*** Opening of DATA RECORDS ***
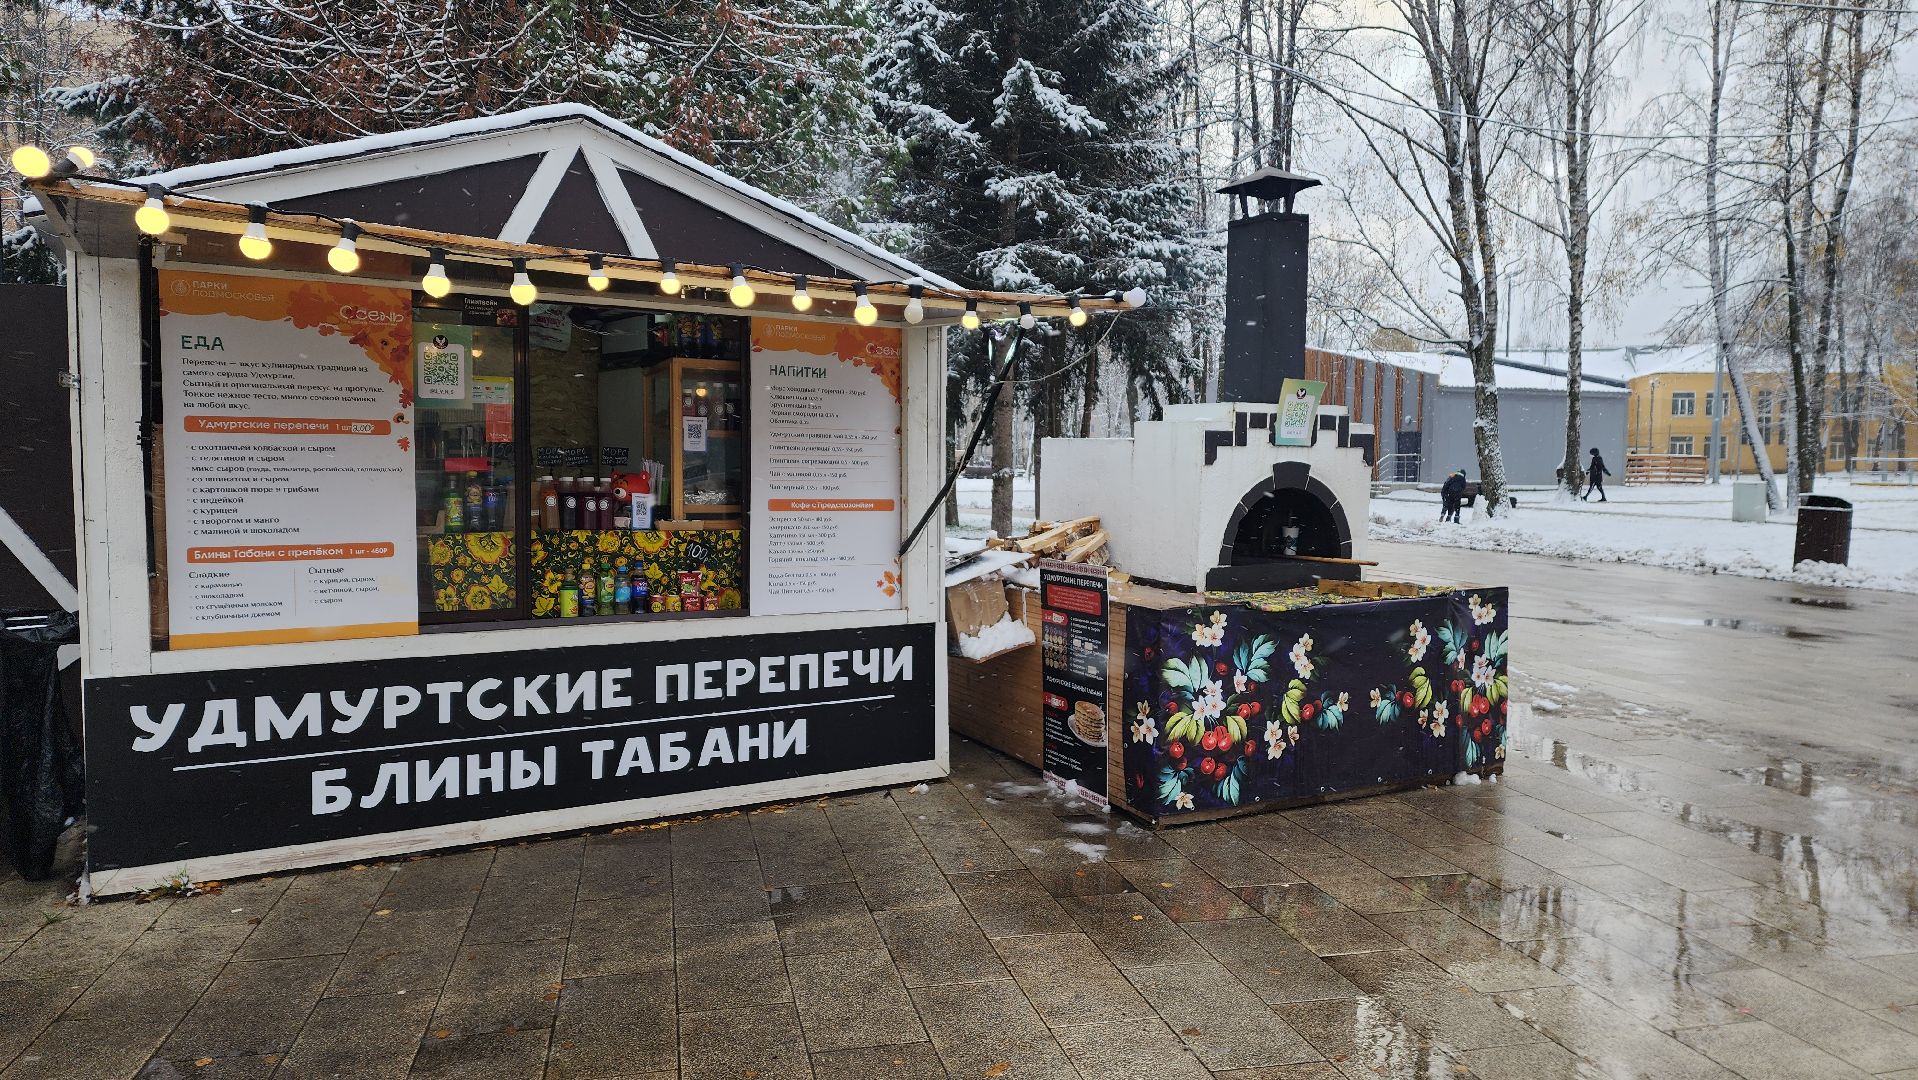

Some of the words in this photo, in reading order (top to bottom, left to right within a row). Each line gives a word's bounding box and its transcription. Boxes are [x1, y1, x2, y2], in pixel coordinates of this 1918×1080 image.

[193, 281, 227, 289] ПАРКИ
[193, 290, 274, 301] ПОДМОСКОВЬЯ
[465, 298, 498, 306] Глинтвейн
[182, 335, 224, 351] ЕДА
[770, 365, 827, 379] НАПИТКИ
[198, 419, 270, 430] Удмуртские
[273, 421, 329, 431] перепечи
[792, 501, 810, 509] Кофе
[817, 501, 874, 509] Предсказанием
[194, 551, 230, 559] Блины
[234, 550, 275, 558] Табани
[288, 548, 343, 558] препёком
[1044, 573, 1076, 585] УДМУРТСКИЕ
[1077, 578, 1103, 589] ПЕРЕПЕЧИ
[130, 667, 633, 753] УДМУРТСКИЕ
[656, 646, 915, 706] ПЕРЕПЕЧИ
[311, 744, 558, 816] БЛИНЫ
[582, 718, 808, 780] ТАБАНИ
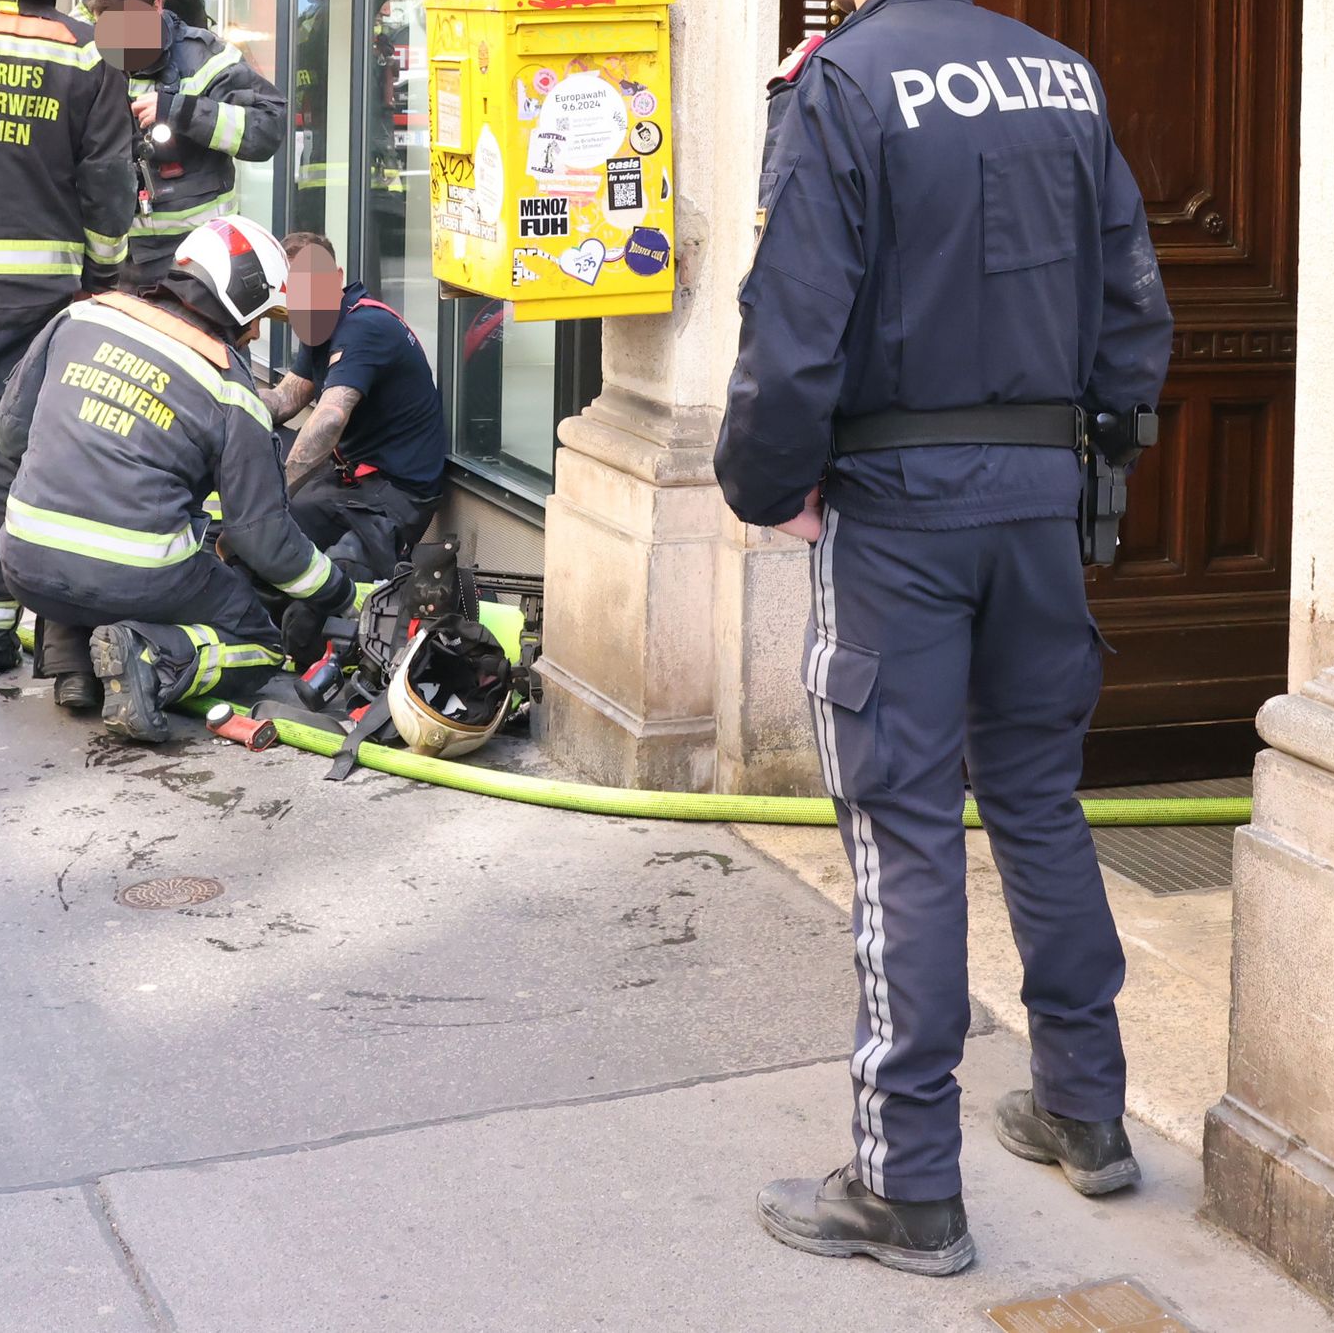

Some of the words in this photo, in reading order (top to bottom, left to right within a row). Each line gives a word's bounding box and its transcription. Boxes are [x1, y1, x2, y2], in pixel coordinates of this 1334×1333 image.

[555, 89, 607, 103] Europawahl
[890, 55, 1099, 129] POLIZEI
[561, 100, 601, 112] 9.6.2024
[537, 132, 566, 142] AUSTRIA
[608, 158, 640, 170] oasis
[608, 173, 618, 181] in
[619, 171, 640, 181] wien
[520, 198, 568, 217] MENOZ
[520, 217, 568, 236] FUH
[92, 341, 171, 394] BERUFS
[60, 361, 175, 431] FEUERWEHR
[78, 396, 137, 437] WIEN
*** Close of DATA RECORDS ***
TASK GOAL:
Images are to be left out; everything else in the material must be written out exactly.

EXPECTED ANSWER:
Some of the words in this photo, in reading order (top to bottom, left to right within a row). Each line gives a word's bounding box and its transcription. Boxes are [x1, y1, x2, y2], in pixel coordinates of this 1918×1080 image.

[193, 281, 227, 289] ПАРКИ
[193, 290, 274, 301] ПОДМОСКОВЬЯ
[465, 298, 498, 306] Глинтвейн
[182, 335, 224, 351] ЕДА
[770, 365, 827, 379] НАПИТКИ
[198, 419, 270, 430] Удмуртские
[273, 421, 329, 431] перепечи
[792, 501, 810, 509] Кофе
[817, 501, 874, 509] Предсказанием
[194, 551, 230, 559] Блины
[234, 550, 275, 558] Табани
[288, 548, 343, 558] препёком
[1044, 573, 1076, 585] УДМУРТСКИЕ
[1077, 578, 1103, 589] ПЕРЕПЕЧИ
[130, 667, 633, 753] УДМУРТСКИЕ
[656, 646, 915, 706] ПЕРЕПЕЧИ
[311, 744, 558, 816] БЛИНЫ
[582, 718, 808, 780] ТАБАНИ

Some of the words in this photo, in reading order (top to bottom, left to right within a row). Each line gives a word's bounding box and its transcription. Boxes are [x1, y1, x2, y2], in pixel coordinates of this 1334×1333 image.

[555, 89, 607, 103] Europawahl
[890, 55, 1099, 129] POLIZEI
[561, 100, 601, 112] 9.6.2024
[537, 132, 566, 142] AUSTRIA
[608, 158, 640, 170] oasis
[608, 173, 618, 181] in
[619, 171, 640, 181] wien
[520, 198, 568, 217] MENOZ
[520, 217, 568, 236] FUH
[92, 341, 171, 394] BERUFS
[60, 361, 175, 431] FEUERWEHR
[78, 396, 137, 437] WIEN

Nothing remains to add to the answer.